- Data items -
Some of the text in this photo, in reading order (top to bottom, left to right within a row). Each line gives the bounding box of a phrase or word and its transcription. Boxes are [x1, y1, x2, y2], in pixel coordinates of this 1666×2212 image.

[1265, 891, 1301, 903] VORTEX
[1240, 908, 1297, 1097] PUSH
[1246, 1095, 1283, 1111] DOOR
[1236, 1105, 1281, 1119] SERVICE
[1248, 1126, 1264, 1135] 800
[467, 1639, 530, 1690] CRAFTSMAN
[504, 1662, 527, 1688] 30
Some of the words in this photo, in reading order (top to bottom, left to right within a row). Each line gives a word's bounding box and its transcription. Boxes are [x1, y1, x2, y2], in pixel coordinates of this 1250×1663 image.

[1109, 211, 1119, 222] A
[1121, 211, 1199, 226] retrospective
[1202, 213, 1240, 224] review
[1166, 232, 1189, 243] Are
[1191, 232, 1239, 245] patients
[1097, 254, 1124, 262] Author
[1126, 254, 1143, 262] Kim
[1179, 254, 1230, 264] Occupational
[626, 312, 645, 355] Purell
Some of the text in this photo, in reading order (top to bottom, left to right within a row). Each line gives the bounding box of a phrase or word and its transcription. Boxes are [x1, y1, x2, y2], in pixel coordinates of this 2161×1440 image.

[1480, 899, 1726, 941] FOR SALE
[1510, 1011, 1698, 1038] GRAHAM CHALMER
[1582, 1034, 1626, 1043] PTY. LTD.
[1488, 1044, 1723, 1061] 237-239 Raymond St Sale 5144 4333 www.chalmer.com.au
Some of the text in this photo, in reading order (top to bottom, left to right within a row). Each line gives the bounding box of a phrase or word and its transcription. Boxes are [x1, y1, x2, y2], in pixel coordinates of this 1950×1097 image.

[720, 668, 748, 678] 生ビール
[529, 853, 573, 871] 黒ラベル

- WHAT YOU ARE ASKED TO DO -
Once you have read the data, reproduce all of it exactly.

- RESULT FOR THIS EXERCISE -
Some of the text in this photo, in reading order (top to bottom, left to right within a row). Each line gives the bounding box of a phrase or word and its transcription. Boxes are [x1, y1, x2, y2], in pixel coordinates of this 1666×2212 image.

[1265, 891, 1301, 903] VORTEX
[1240, 908, 1297, 1097] PUSH
[1246, 1095, 1283, 1111] DOOR
[1236, 1105, 1281, 1119] SERVICE
[1248, 1126, 1264, 1135] 800
[467, 1639, 530, 1690] CRAFTSMAN
[504, 1662, 527, 1688] 30
Some of the words in this photo, in reading order (top to bottom, left to right within a row). Each line gives a word's bounding box and its transcription. Boxes are [x1, y1, x2, y2], in pixel coordinates of this 1250×1663 image.

[1109, 211, 1119, 222] A
[1121, 211, 1199, 226] retrospective
[1202, 213, 1240, 224] review
[1166, 232, 1189, 243] Are
[1191, 232, 1239, 245] patients
[1097, 254, 1124, 262] Author
[1126, 254, 1143, 262] Kim
[1179, 254, 1230, 264] Occupational
[626, 312, 645, 355] Purell
Some of the text in this photo, in reading order (top to bottom, left to right within a row). Each line gives the bounding box of a phrase or word and its transcription. Boxes are [x1, y1, x2, y2], in pixel coordinates of this 2161×1440 image.

[1480, 899, 1726, 941] FOR SALE
[1510, 1011, 1698, 1038] GRAHAM CHALMER
[1582, 1034, 1626, 1043] PTY. LTD.
[1488, 1044, 1723, 1061] 237-239 Raymond St Sale 5144 4333 www.chalmer.com.au
Some of the text in this photo, in reading order (top to bottom, left to right within a row). Each line gives the bounding box of a phrase or word and its transcription. Boxes are [x1, y1, x2, y2], in pixel coordinates of this 1950×1097 image.

[720, 668, 748, 678] 生ビール
[529, 853, 573, 871] 黒ラベル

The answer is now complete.